HOW TO COMPLETE THIS TASK — Please return each record below exactly, with nothing left out.

________________________

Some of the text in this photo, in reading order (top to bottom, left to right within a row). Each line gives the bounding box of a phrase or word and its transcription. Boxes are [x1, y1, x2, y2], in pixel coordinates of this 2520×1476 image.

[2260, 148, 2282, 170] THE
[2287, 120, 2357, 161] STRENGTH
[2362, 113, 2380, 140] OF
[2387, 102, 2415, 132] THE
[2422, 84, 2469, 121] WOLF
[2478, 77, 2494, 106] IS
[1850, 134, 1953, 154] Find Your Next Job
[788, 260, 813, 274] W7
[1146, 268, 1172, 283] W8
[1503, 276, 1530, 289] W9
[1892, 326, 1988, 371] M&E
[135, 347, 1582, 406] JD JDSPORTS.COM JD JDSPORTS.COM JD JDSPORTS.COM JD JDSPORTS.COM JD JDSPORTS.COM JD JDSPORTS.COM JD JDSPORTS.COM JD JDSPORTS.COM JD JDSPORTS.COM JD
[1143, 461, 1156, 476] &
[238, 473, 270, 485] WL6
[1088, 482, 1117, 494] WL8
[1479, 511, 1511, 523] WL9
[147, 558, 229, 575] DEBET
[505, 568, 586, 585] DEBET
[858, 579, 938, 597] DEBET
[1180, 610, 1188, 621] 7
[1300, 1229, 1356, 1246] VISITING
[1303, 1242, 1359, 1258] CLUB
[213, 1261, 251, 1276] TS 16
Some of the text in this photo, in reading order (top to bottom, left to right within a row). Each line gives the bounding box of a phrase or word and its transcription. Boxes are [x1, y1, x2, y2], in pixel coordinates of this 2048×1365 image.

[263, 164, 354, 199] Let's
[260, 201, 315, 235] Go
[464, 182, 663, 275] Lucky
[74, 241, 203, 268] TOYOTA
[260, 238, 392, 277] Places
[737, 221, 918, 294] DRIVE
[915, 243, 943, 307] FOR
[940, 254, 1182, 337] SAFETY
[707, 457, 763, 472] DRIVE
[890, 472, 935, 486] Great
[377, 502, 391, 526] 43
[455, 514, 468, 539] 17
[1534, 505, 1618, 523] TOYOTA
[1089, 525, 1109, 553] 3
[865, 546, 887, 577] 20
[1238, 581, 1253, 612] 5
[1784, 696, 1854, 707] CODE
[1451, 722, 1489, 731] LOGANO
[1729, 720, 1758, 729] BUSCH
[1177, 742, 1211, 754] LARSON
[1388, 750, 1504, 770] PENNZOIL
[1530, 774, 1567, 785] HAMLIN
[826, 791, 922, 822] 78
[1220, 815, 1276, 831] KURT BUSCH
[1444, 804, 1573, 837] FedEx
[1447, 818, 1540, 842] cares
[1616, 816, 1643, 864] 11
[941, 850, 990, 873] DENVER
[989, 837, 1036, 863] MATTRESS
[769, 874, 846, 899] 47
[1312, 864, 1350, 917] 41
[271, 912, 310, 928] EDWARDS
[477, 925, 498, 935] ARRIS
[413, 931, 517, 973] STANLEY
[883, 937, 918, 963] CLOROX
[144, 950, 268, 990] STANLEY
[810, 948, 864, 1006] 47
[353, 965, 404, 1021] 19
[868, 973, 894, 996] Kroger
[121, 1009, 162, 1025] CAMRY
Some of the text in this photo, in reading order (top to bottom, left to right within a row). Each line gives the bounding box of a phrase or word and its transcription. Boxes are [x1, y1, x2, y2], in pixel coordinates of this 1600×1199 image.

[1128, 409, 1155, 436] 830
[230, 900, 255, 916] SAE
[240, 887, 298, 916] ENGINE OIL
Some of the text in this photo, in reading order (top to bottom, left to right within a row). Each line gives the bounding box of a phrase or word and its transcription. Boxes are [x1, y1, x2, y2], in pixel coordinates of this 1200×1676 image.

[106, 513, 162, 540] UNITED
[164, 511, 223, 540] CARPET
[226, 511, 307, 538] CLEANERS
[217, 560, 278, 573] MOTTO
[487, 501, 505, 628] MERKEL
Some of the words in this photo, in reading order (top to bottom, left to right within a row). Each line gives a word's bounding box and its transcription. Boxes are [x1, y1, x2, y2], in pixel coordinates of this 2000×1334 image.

________________________

ANSWER SECTION —
Some of the text in this photo, in reading order (top to bottom, left to right within a row). Each line gives the bounding box of a phrase or word and its transcription. Boxes are [x1, y1, x2, y2], in pixel coordinates of this 2520×1476 image.

[2260, 148, 2282, 170] THE
[2287, 120, 2357, 161] STRENGTH
[2362, 113, 2380, 140] OF
[2387, 102, 2415, 132] THE
[2422, 84, 2469, 121] WOLF
[2478, 77, 2494, 106] IS
[1850, 134, 1953, 154] Find Your Next Job
[788, 260, 813, 274] W7
[1146, 268, 1172, 283] W8
[1503, 276, 1530, 289] W9
[1892, 326, 1988, 371] M&E
[135, 347, 1582, 406] JD JDSPORTS.COM JD JDSPORTS.COM JD JDSPORTS.COM JD JDSPORTS.COM JD JDSPORTS.COM JD JDSPORTS.COM JD JDSPORTS.COM JD JDSPORTS.COM JD JDSPORTS.COM JD
[1143, 461, 1156, 476] &
[238, 473, 270, 485] WL6
[1088, 482, 1117, 494] WL8
[1479, 511, 1511, 523] WL9
[147, 558, 229, 575] DEBET
[505, 568, 586, 585] DEBET
[858, 579, 938, 597] DEBET
[1180, 610, 1188, 621] 7
[1300, 1229, 1356, 1246] VISITING
[1303, 1242, 1359, 1258] CLUB
[213, 1261, 251, 1276] TS 16
Some of the text in this photo, in reading order (top to bottom, left to right within a row). Each line gives the bounding box of a phrase or word and its transcription. Boxes are [x1, y1, x2, y2], in pixel coordinates of this 2048×1365 image.

[263, 164, 354, 199] Let's
[260, 201, 315, 235] Go
[464, 182, 663, 275] Lucky
[74, 241, 203, 268] TOYOTA
[260, 238, 392, 277] Places
[737, 221, 918, 294] DRIVE
[915, 243, 943, 307] FOR
[940, 254, 1182, 337] SAFETY
[707, 457, 763, 472] DRIVE
[890, 472, 935, 486] Great
[377, 502, 391, 526] 43
[455, 514, 468, 539] 17
[1534, 505, 1618, 523] TOYOTA
[1089, 525, 1109, 553] 3
[865, 546, 887, 577] 20
[1238, 581, 1253, 612] 5
[1784, 696, 1854, 707] CODE
[1451, 722, 1489, 731] LOGANO
[1729, 720, 1758, 729] BUSCH
[1177, 742, 1211, 754] LARSON
[1388, 750, 1504, 770] PENNZOIL
[1530, 774, 1567, 785] HAMLIN
[826, 791, 922, 822] 78
[1220, 815, 1276, 831] KURT BUSCH
[1444, 804, 1573, 837] FedEx
[1447, 818, 1540, 842] cares
[1616, 816, 1643, 864] 11
[941, 850, 990, 873] DENVER
[989, 837, 1036, 863] MATTRESS
[769, 874, 846, 899] 47
[1312, 864, 1350, 917] 41
[271, 912, 310, 928] EDWARDS
[477, 925, 498, 935] ARRIS
[413, 931, 517, 973] STANLEY
[883, 937, 918, 963] CLOROX
[144, 950, 268, 990] STANLEY
[810, 948, 864, 1006] 47
[353, 965, 404, 1021] 19
[868, 973, 894, 996] Kroger
[121, 1009, 162, 1025] CAMRY
Some of the text in this photo, in reading order (top to bottom, left to right within a row). Each line gives the bounding box of a phrase or word and its transcription. Boxes are [x1, y1, x2, y2], in pixel coordinates of this 1600×1199 image.

[1128, 409, 1155, 436] 830
[230, 900, 255, 916] SAE
[240, 887, 298, 916] ENGINE OIL
Some of the text in this photo, in reading order (top to bottom, left to right within a row). Each line gives the bounding box of a phrase or word and its transcription. Boxes are [x1, y1, x2, y2], in pixel coordinates of this 1200×1676 image.

[106, 513, 162, 540] UNITED
[164, 511, 223, 540] CARPET
[226, 511, 307, 538] CLEANERS
[217, 560, 278, 573] MOTTO
[487, 501, 505, 628] MERKEL
Some of the words in this photo, in reading order (top to bottom, left to right within a row). Each line gives a word's bounding box and its transcription. Boxes are [x1, y1, x2, y2], in pixel coordinates of this 2000×1334 image.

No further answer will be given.